You can have other 'classic' query parameters mixed in with the 'q' parameter, but for no only 'q' is deserialized. The original value of 'q' is preserved in the original query_parameter method.

METHODS

This role defines the following methods.

query_data (?@query_params, ?\%options)

For each item in @query_params that exists in $request->query_parameters deserialize using JSONY and return the data references (could be a hashref, or arrayref depending on the query construction.

If no @query_params are submitted, assume 'q' as the default.
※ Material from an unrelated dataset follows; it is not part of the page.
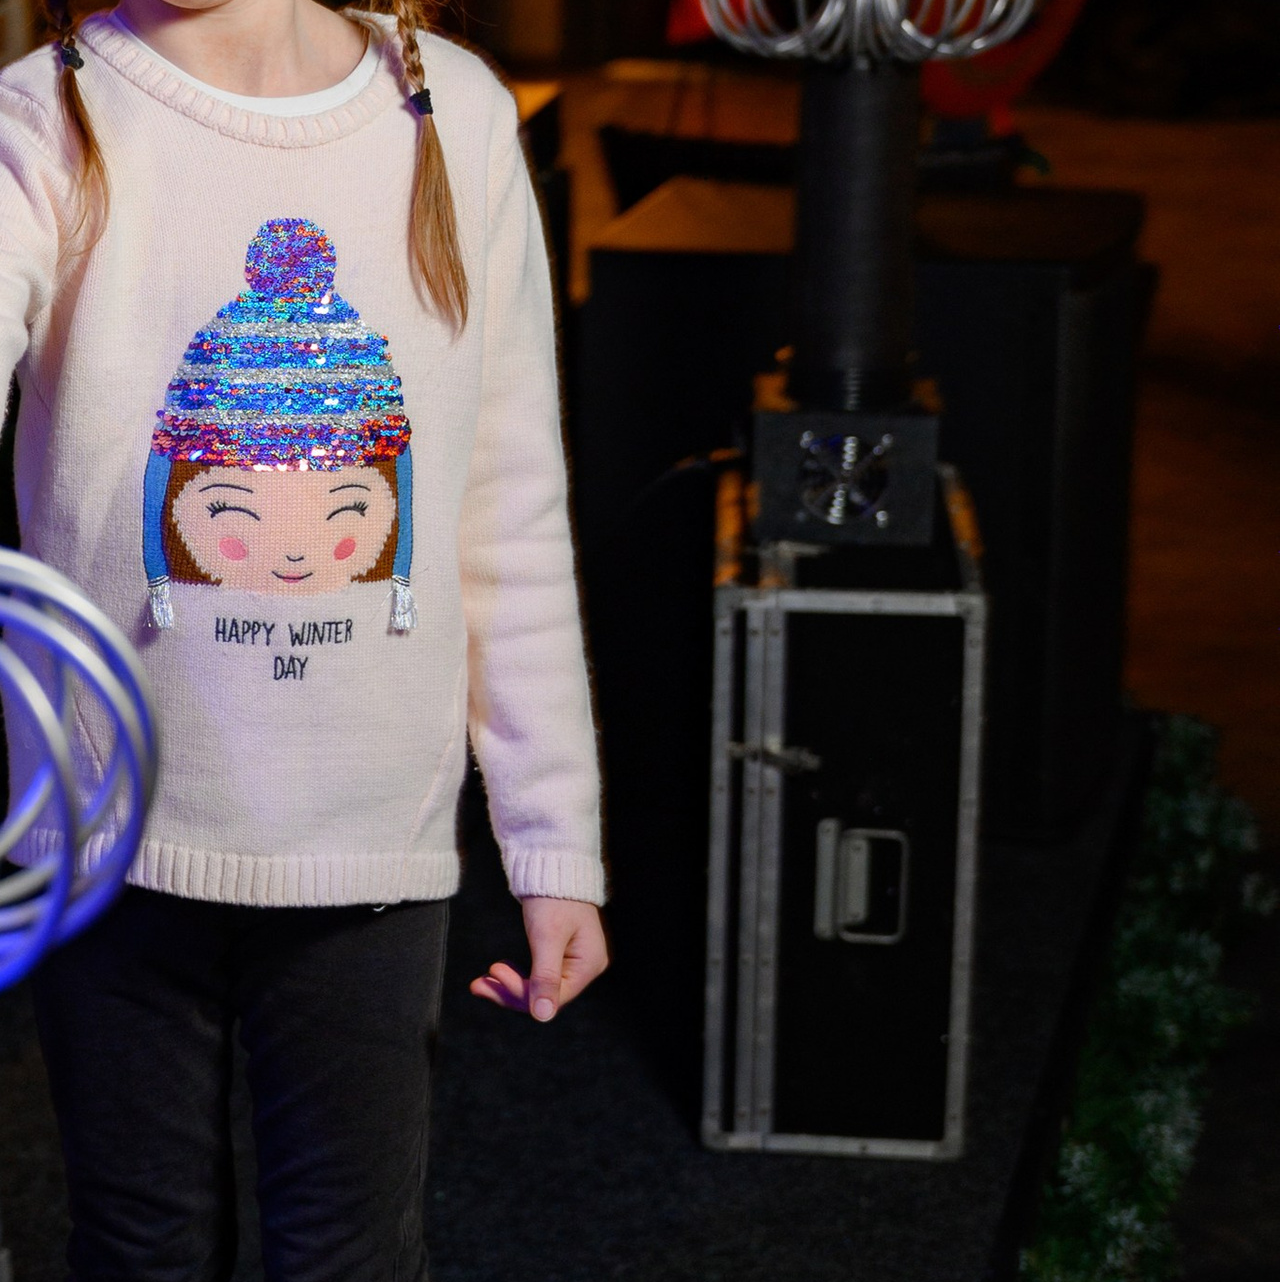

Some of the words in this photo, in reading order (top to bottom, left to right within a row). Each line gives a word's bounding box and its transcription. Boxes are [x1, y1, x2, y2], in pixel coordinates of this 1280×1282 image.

The %options hash allows you to set callback to handle exceptional conditions. All callbacks get invoked with two parameters, the current $request object, and the name of the query parameter that caused the condition. For example the follow substitutes the string '[]' when a $key is missing from %{$c->req->query_parameters}:

    $c->req->query_data(qw/a b c/, +{ 
      param_missing => sub {
        my ($req, $key) = @_;
        return '[]';
      }
    });

Currently we support the following exceptional conditions:

param_missing

Gets $request, $key

This is the callback that gets invoked when $c->req->query_paramerters->{$key} does not exist. The default behavior is to return an empty string, which JSONY deserialized into a hashref. This allows you to request parameters that are optional and not product an exception.

parse_error

Gets $request, $key, $error_message

This callback is called when JSONY throws an exception trying to parse the value associated with $key. The default is to just rethrow the error.

AUTHOR

John Napiorkowski email:jjnapiork@cpan.org

SEE ALSO

Catalyst, Catalyst::Request, JSONY

COPYRIGHT & LICENSE

Copyright 2015, John Napiorkowski email:jjnapiork@cpan.org

This library is free software; you can redistribute it and/or modify it under the same terms as Perl itself.